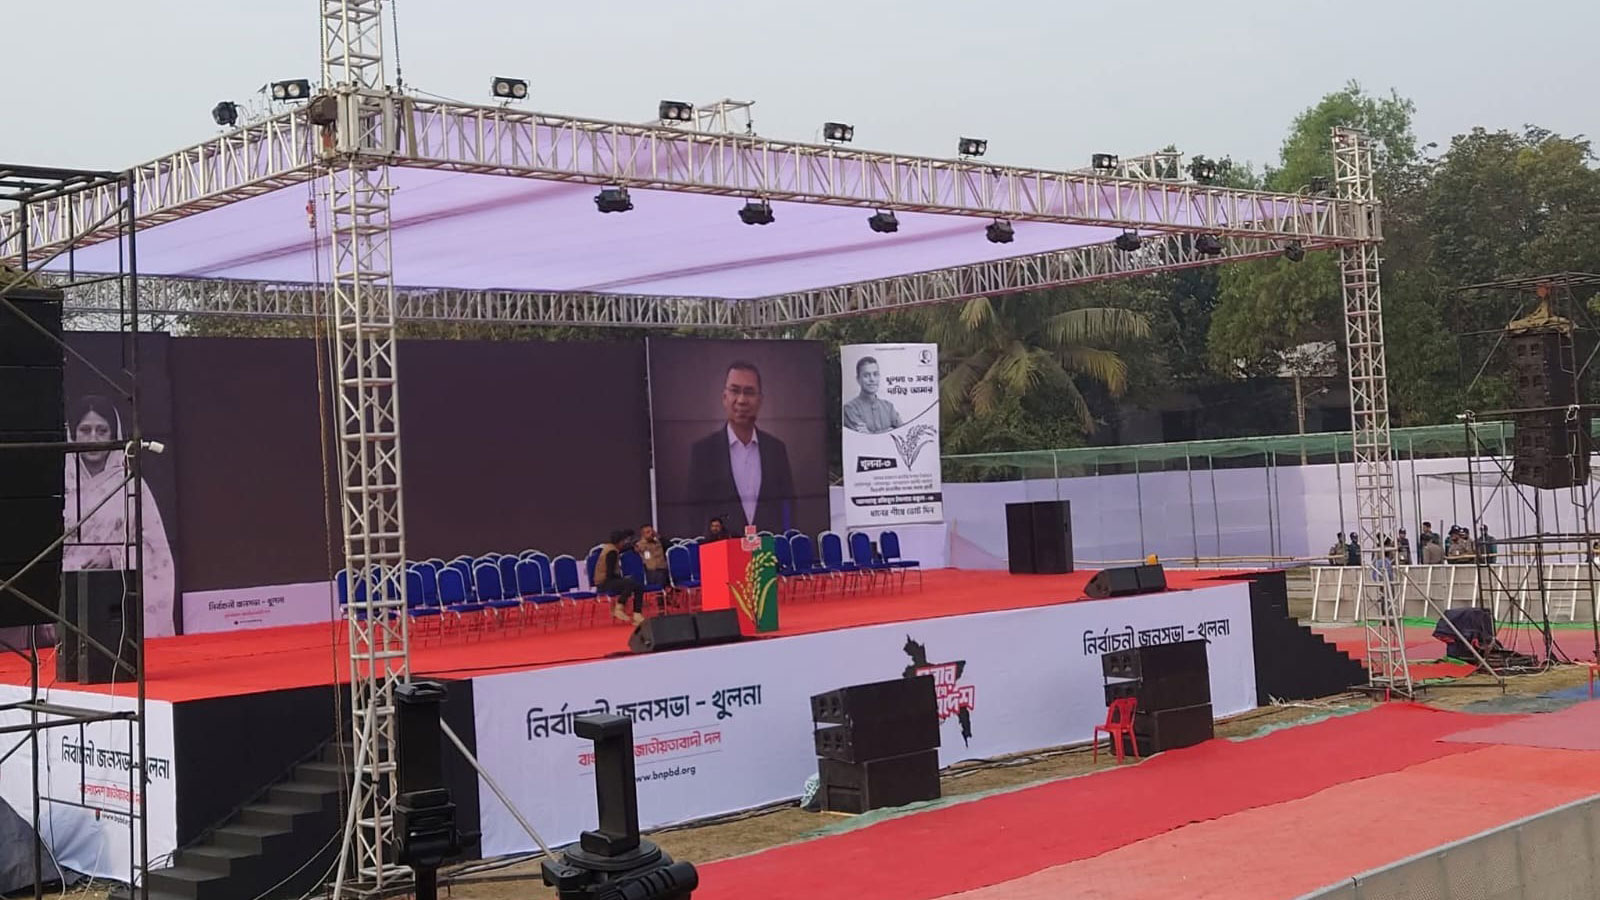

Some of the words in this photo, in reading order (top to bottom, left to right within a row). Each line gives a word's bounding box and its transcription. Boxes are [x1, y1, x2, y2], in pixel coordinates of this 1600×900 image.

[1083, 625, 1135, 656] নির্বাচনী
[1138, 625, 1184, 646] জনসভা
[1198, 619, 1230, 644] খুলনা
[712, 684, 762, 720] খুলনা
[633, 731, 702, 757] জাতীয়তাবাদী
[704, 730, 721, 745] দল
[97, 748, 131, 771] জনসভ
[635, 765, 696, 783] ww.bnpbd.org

### What to produce
Give the data above back unchanged, except for the pictures.

### Reply
Some of the words in this photo, in reading order (top to bottom, left to right within a row). Each line gives a word's bounding box and its transcription. Boxes are [x1, y1, x2, y2], in pixel coordinates of this 1600×900 image.

[1083, 625, 1135, 656] নির্বাচনী
[1138, 625, 1184, 646] জনসভা
[1198, 619, 1230, 644] খুলনা
[712, 684, 762, 720] খুলনা
[633, 731, 702, 757] জাতীয়তাবাদী
[704, 730, 721, 745] দল
[97, 748, 131, 771] জনসভ
[635, 765, 696, 783] ww.bnpbd.org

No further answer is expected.